Response Surface Methodology in Spectrophotometric Estimation of Saxagliptin, Derivatization with MBTH and Ninhydrin.

OBJECTIVES

Design of experiments assisted spectrophotometric methods have been established for the quantification of saxagliptin in pharmaceutical formulation charge transfer complexation and Schiff's base formation.

MATERIALS AND METHODS

Box-Behnken design was exploited in method-1, involved the measurement of absorbance of green/blue-colored complex (at 600 nm), formed by the reaction of saxagliptin with 3-methyl-2-benzothiazolinone hydrazone in the presence of ferric chloride. The central composite design was employed in method-2, involved the determination of absorbance of Ruhemann's purple (at 585 nm), formed by the reaction of the primary amine group of saxagliptin with ninhydrin reagent in presence of sodium hydroxide. Optimization of reaction variables namely, reagent concentration (A), oxidizing agent/alkalinity (B) and reaction/heat time (C) was performed through response surface methodology for the response (Y) absorbance of colored compound.
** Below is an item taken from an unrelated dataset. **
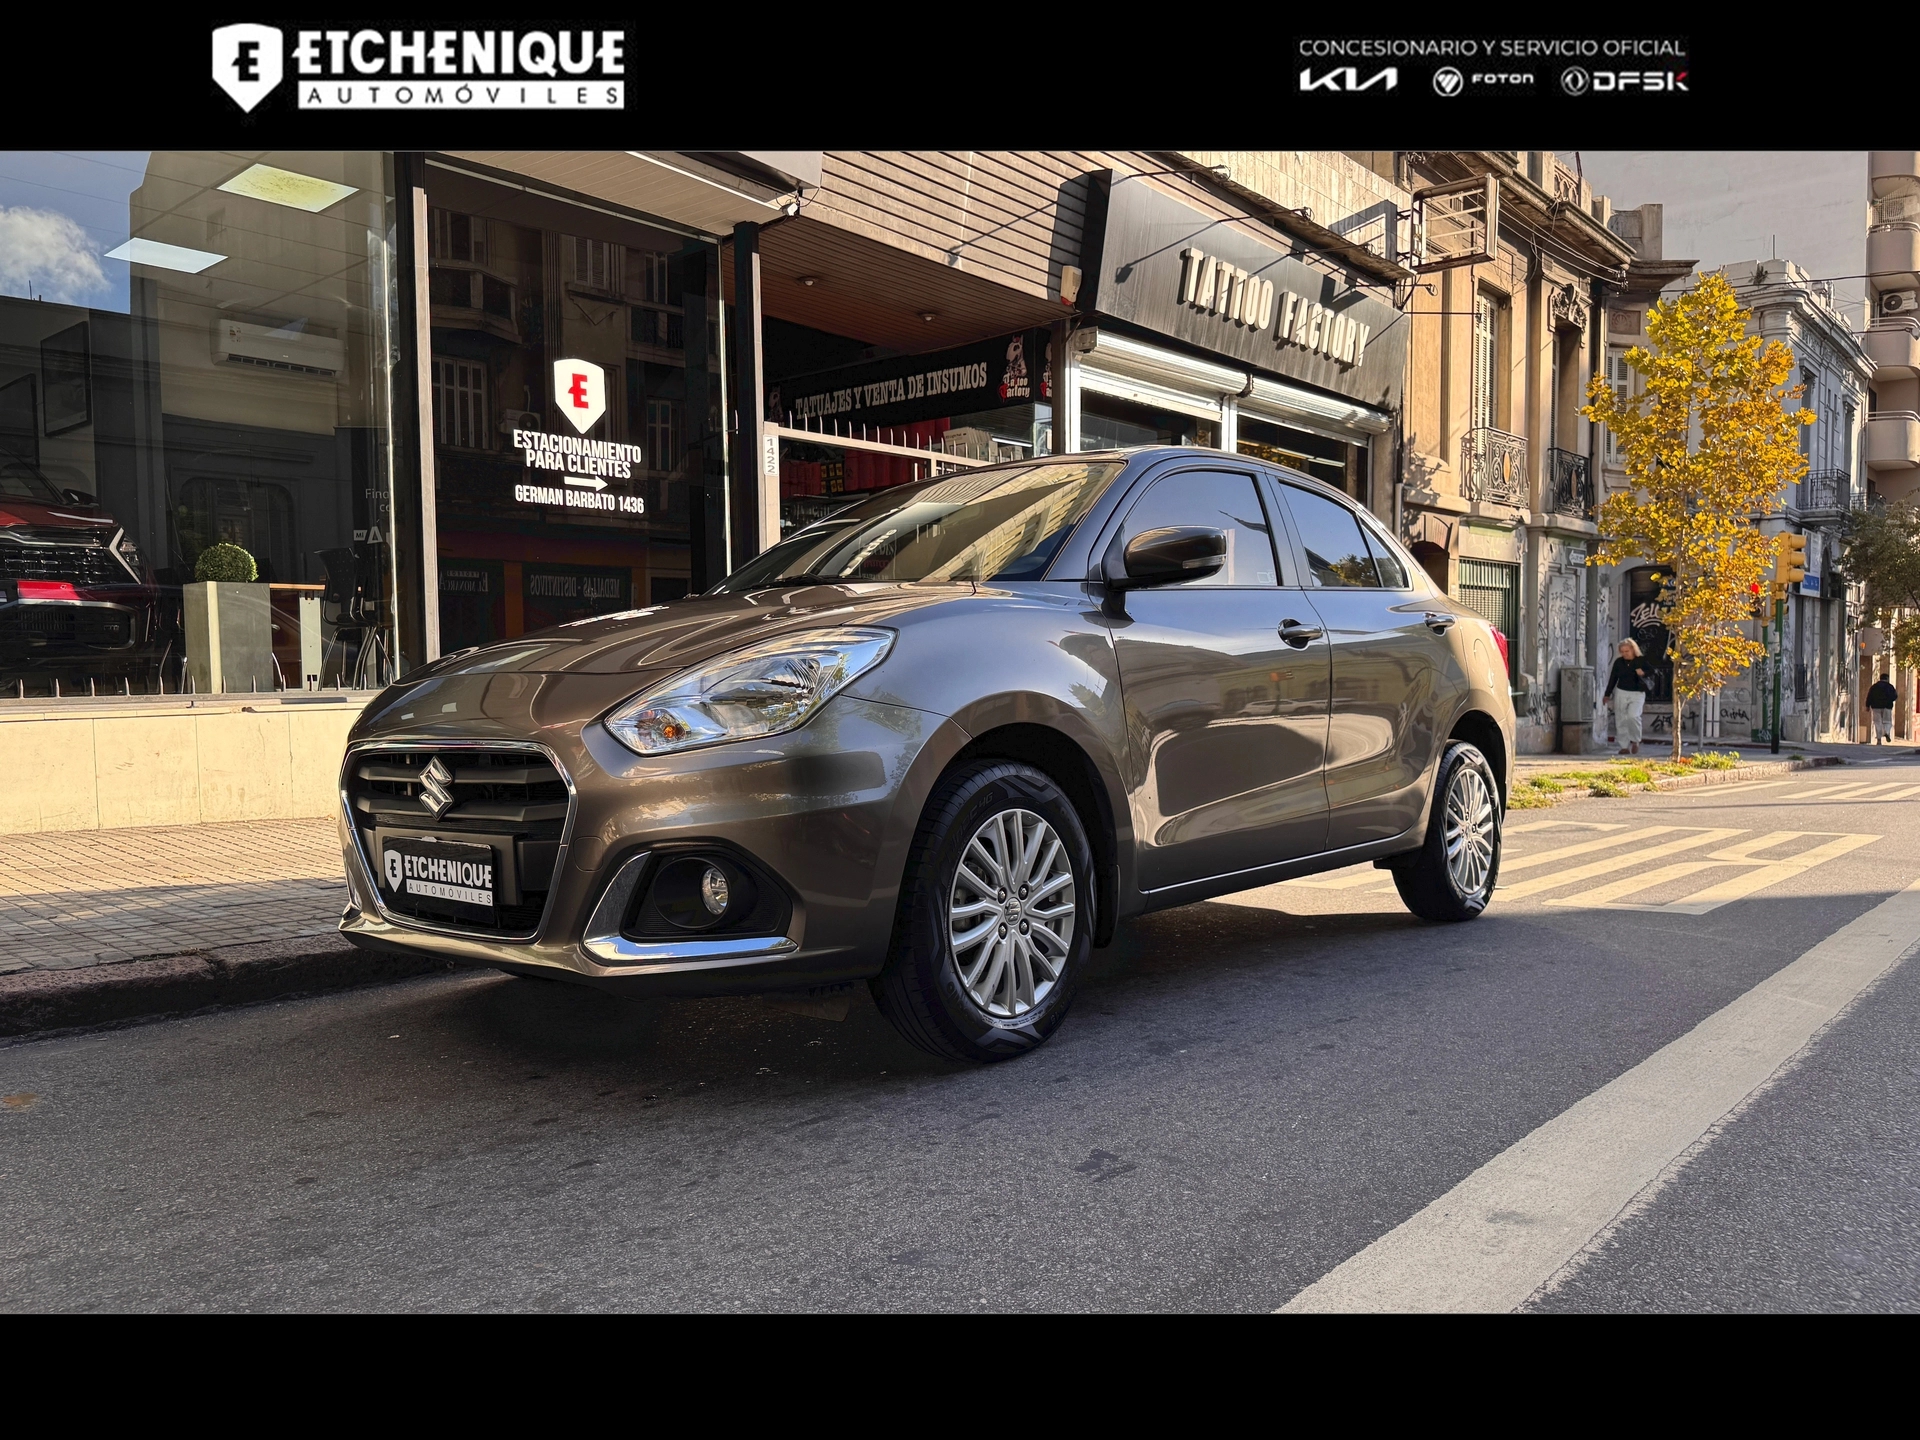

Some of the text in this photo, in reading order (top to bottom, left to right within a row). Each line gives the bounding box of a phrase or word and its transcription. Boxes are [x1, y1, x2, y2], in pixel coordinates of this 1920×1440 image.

The reliability of both methods was investigated through validation as International Council for Harmonisation guidelines.

RESULTS

Saxagliptin executed linearity in the concentration range of 0.01-0.25 μg/mL and 1-10 μg/mL by method-1 and 2. A high value of molar absorptivity, low values of Sandell's sensitivity and limit of detection/limit of quantification divulges the good sensitivity methods. The % assay of saxagliptin in the marketed formulation was found to be 100.27 and 99.86 by method-1 and method-2, respectively.

CONCLUSION

The proposed eco-friendly and economical methods can be routinely employed in quality control for the analysis of saxagliptin in the pharmaceutical dosage forms.